■ **TO DO**: An exact copy of the lines of the listing below between the "this 1250×1850 image." line and the "this 1600×900 image." line, both included, is the whole answer; please omit the pictures.

■ **DATASET ENTRIES**:
= Beginning of Section =

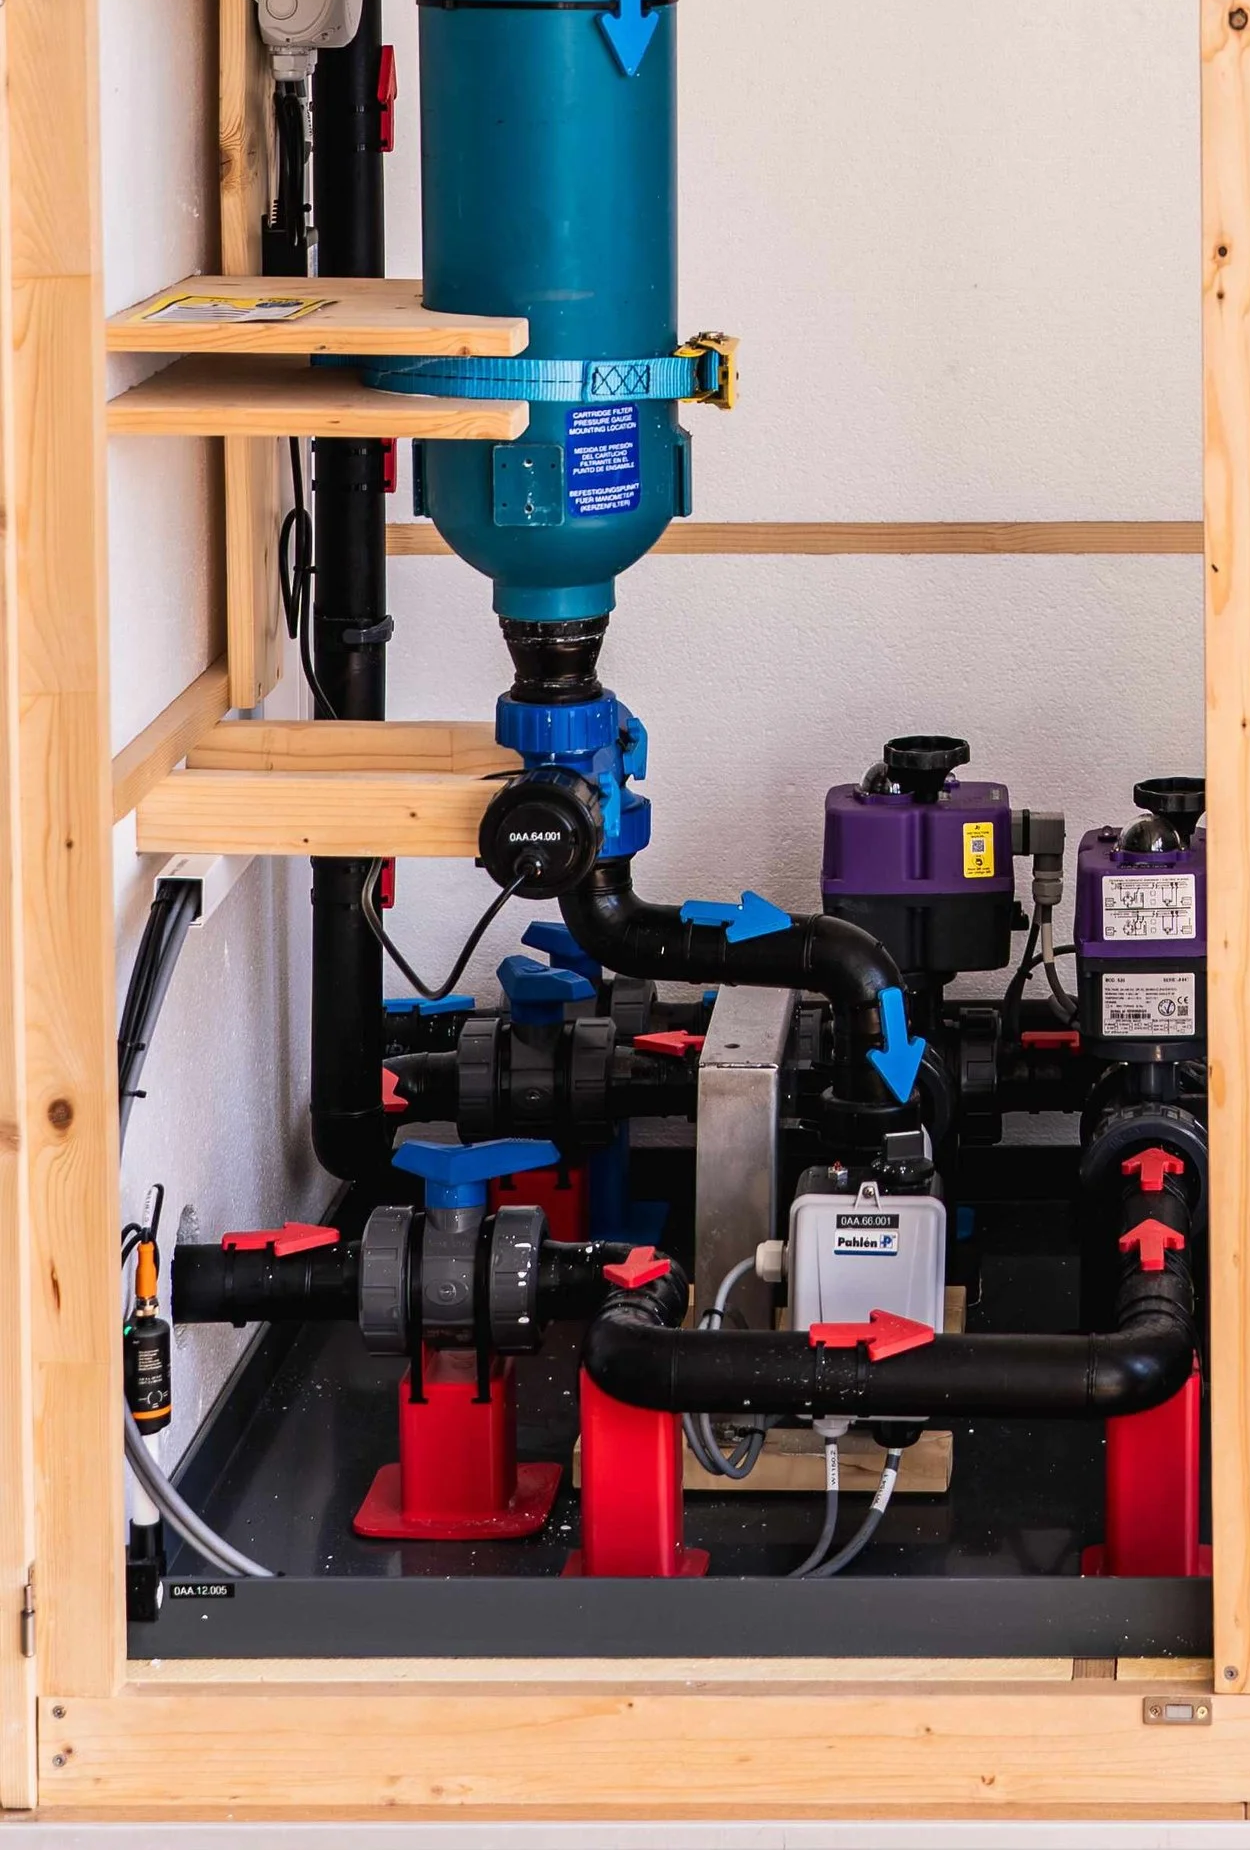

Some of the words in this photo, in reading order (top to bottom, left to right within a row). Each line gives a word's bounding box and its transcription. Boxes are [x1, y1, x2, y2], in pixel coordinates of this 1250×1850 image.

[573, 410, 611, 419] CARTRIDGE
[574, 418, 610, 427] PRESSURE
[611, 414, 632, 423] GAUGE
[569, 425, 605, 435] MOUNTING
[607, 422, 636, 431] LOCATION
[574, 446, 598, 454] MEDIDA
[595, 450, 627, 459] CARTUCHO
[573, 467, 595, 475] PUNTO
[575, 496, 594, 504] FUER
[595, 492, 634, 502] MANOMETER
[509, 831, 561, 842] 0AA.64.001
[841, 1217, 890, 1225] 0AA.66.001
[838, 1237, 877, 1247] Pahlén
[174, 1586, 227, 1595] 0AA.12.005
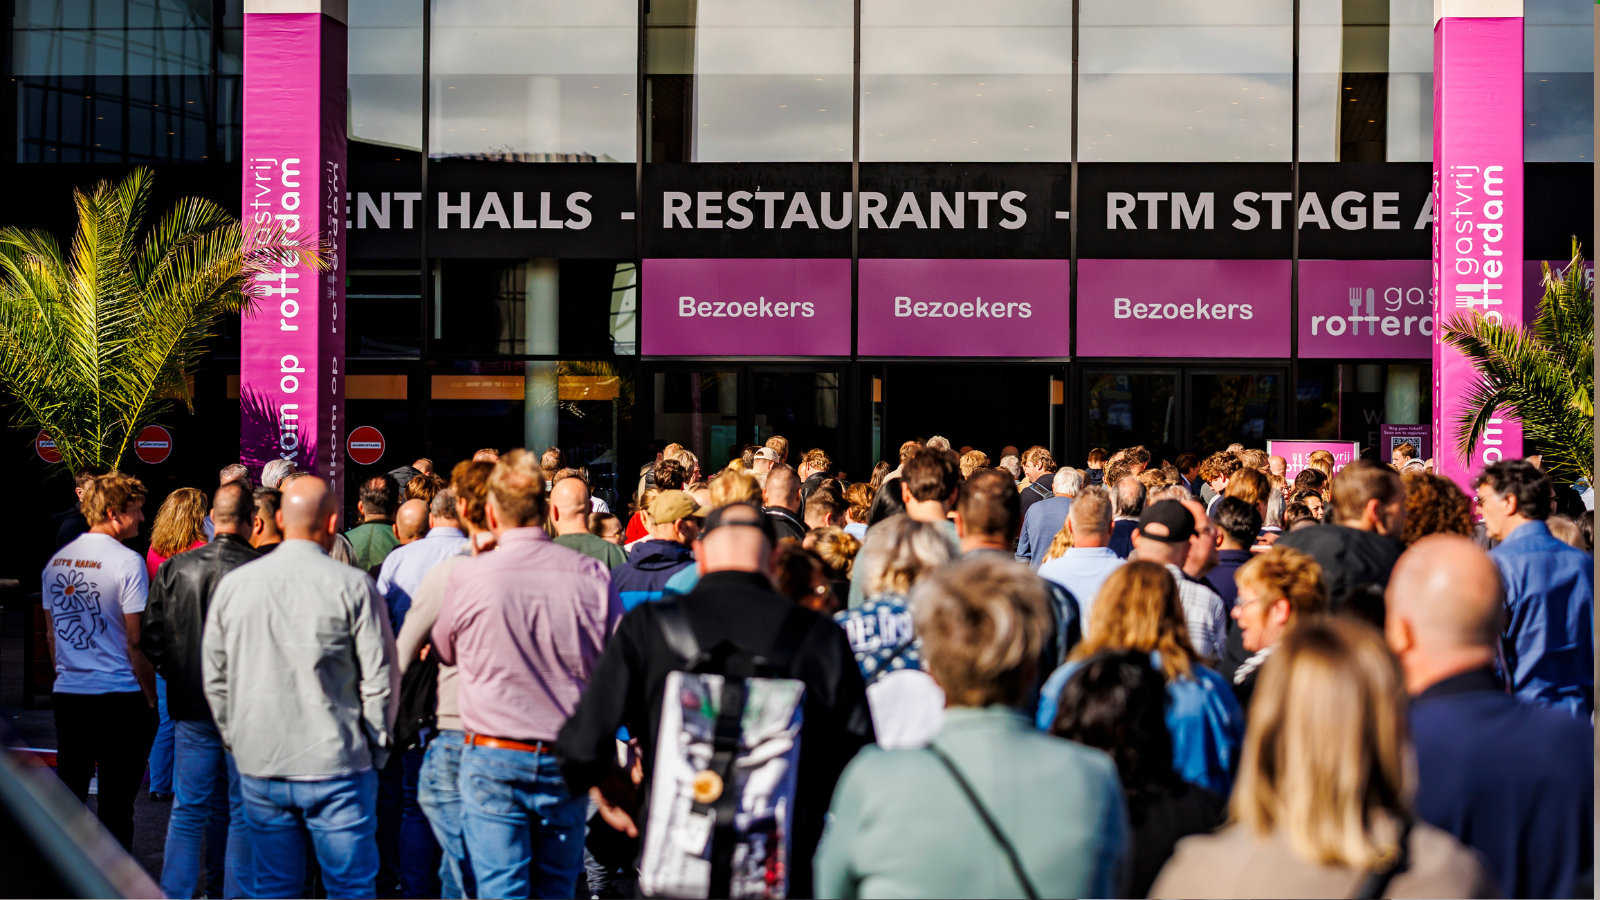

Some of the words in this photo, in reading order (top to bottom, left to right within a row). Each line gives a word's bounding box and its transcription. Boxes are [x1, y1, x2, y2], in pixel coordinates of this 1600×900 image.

= End of Section =
= Beginning of Section =

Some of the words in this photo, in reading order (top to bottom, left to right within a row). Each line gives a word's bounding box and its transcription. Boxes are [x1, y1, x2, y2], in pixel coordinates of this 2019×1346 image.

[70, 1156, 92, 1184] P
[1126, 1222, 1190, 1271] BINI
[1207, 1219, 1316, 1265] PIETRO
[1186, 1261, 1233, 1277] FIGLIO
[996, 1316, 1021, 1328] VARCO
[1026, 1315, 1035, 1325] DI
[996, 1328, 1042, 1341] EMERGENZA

= End of Section =
= Beginning of Section =

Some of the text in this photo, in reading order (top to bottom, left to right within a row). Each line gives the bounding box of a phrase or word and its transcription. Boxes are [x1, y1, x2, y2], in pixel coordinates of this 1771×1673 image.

= End of Section =

■ **RESULT**:
Some of the words in this photo, in reading order (top to bottom, left to right within a row). Each line gives a word's bounding box and its transcription. Boxes are [x1, y1, x2, y2], in pixel coordinates of this 1250×1850 image.

[573, 410, 611, 419] CARTRIDGE
[574, 418, 610, 427] PRESSURE
[611, 414, 632, 423] GAUGE
[569, 425, 605, 435] MOUNTING
[607, 422, 636, 431] LOCATION
[574, 446, 598, 454] MEDIDA
[595, 450, 627, 459] CARTUCHO
[573, 467, 595, 475] PUNTO
[575, 496, 594, 504] FUER
[595, 492, 634, 502] MANOMETER
[509, 831, 561, 842] 0AA.64.001
[841, 1217, 890, 1225] 0AA.66.001
[838, 1237, 877, 1247] Pahlén
[174, 1586, 227, 1595] 0AA.12.005

Some of the words in this photo, in reading order (top to bottom, left to right within a row). Each line gives a word's bounding box and its transcription. Boxes are [x1, y1, x2, y2], in pixel coordinates of this 1600×900 image.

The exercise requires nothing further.